## WHAT TO WORK ON
Omit every image, and transcribe the remaining entries exactly as given.

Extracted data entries
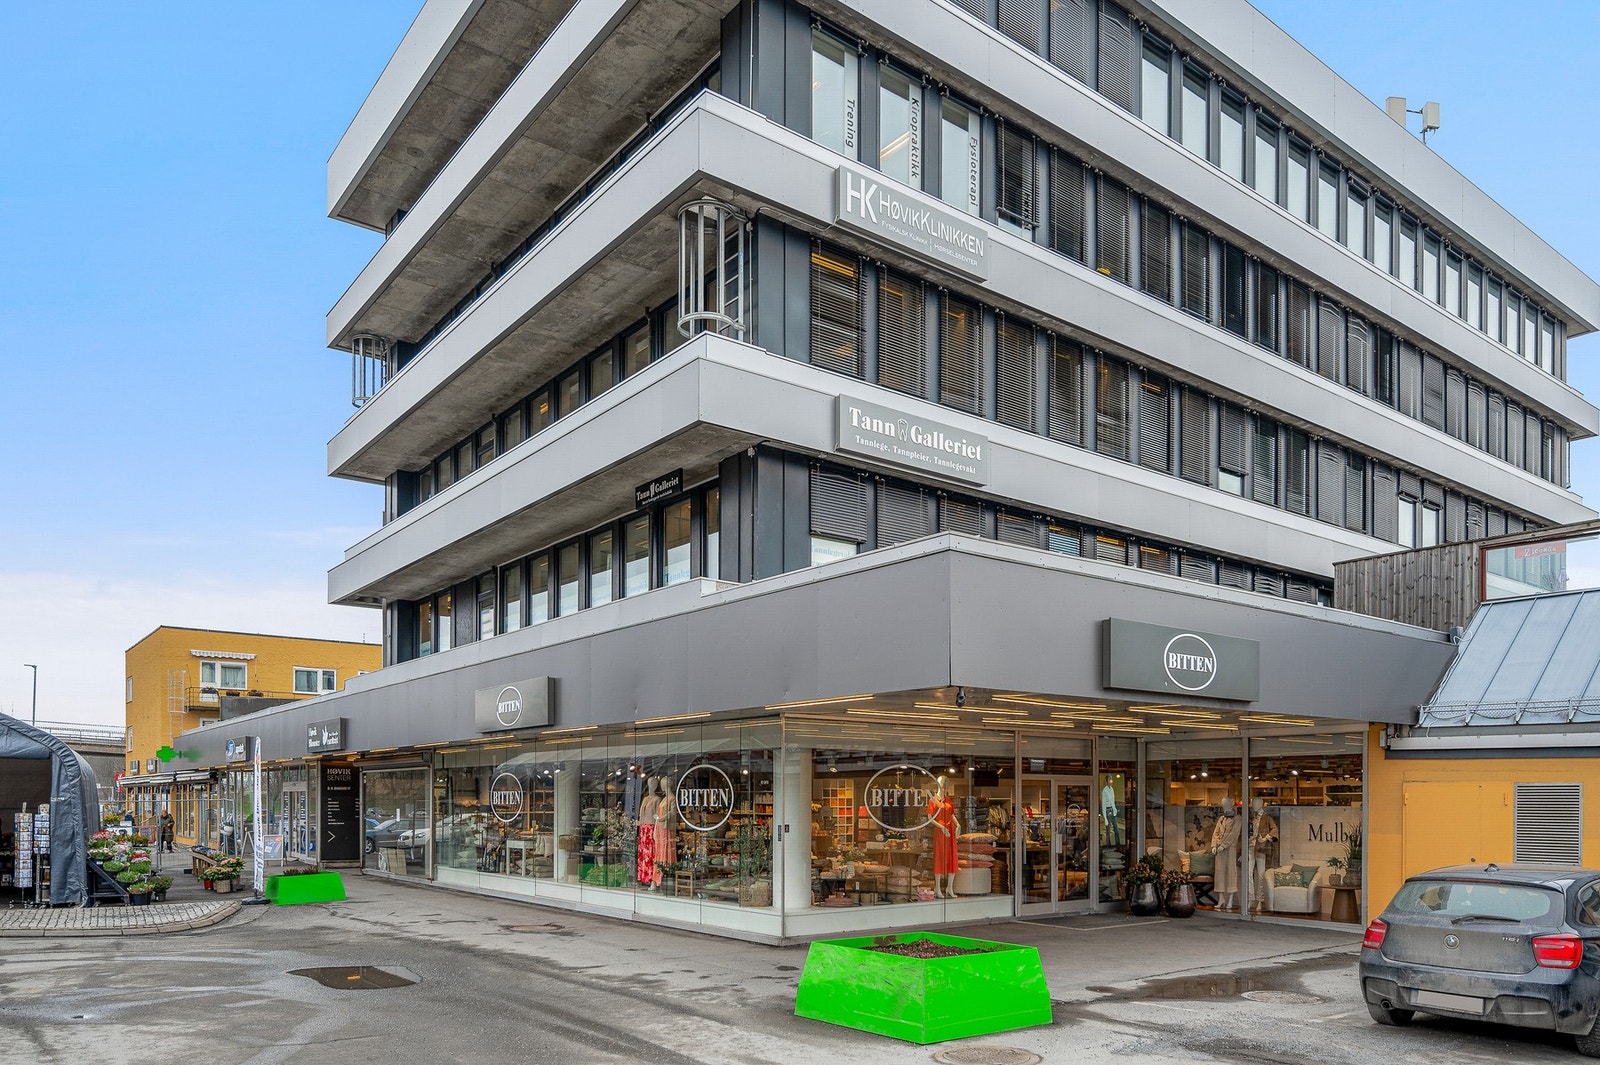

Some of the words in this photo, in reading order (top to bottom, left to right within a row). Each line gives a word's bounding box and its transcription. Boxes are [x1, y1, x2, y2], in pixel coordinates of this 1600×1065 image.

[846, 99, 856, 148] Trening
[910, 97, 920, 178] Kiropraktikk
[969, 136, 979, 207] Fysioterapi
[846, 171, 878, 224] HK
[848, 406, 896, 438] Tann
[910, 424, 982, 461] Galleriet
[933, 456, 976, 474] Tannlegevakt
[636, 490, 650, 501] Tann
[654, 476, 679, 493] Galleriet
[1168, 652, 1213, 673] BITTEN
[498, 700, 521, 714] BITTEN
[493, 790, 521, 805] BITTEN
[680, 788, 730, 807] BITTEN
[871, 788, 937, 807] BITTEN
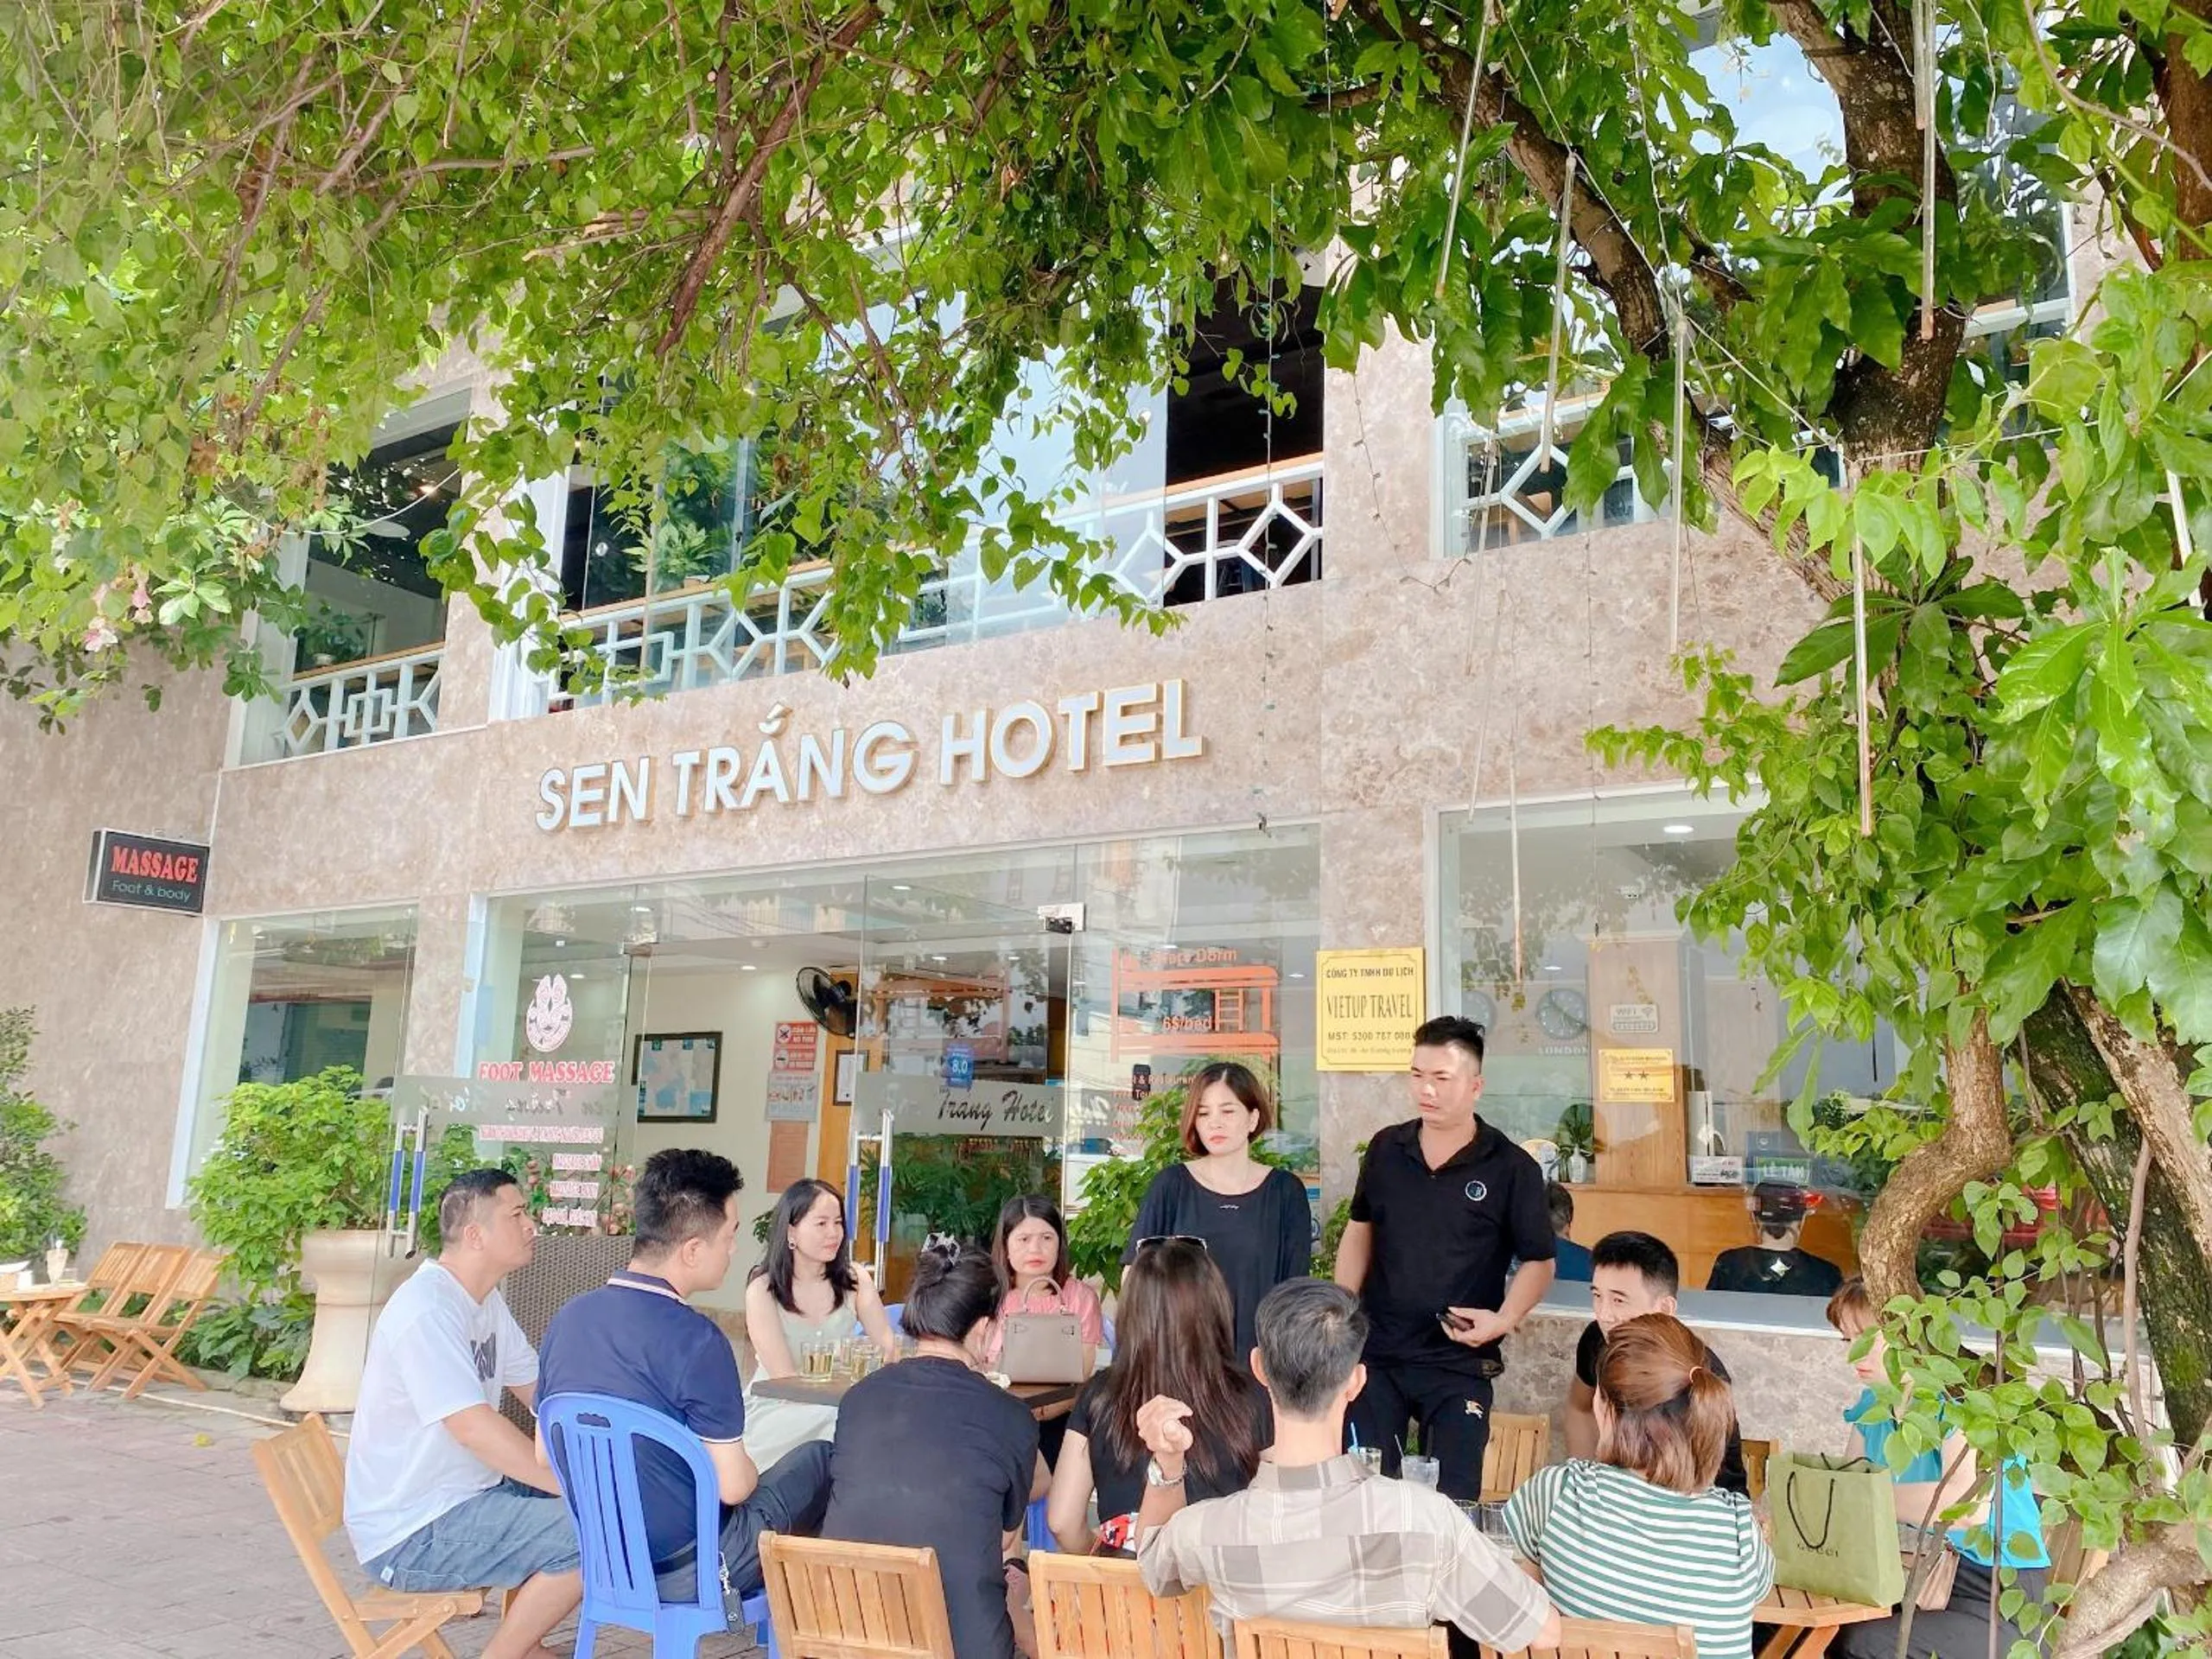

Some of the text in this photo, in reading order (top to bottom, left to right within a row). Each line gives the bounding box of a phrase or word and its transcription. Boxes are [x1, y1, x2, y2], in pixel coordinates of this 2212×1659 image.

## FINISHED EXERCISE
Some of the words in this photo, in reading order (top to bottom, left to right within a row). Each line gives a word's bounding box and its transcription. Boxes are [x1, y1, x2, y2], in pixel coordinates of this 1600×1065 image.

[846, 99, 856, 148] Trening
[910, 97, 920, 178] Kiropraktikk
[969, 136, 979, 207] Fysioterapi
[846, 171, 878, 224] HK
[848, 406, 896, 438] Tann
[910, 424, 982, 461] Galleriet
[933, 456, 976, 474] Tannlegevakt
[636, 490, 650, 501] Tann
[654, 476, 679, 493] Galleriet
[1168, 652, 1213, 673] BITTEN
[498, 700, 521, 714] BITTEN
[493, 790, 521, 805] BITTEN
[680, 788, 730, 807] BITTEN
[871, 788, 937, 807] BITTEN

Some of the text in this photo, in reading order (top to bottom, left to right within a row). Each line gives the bounding box of a phrase or word and its transcription. Boxes are [x1, y1, x2, y2], in pixel coordinates of this 2212×1659 image.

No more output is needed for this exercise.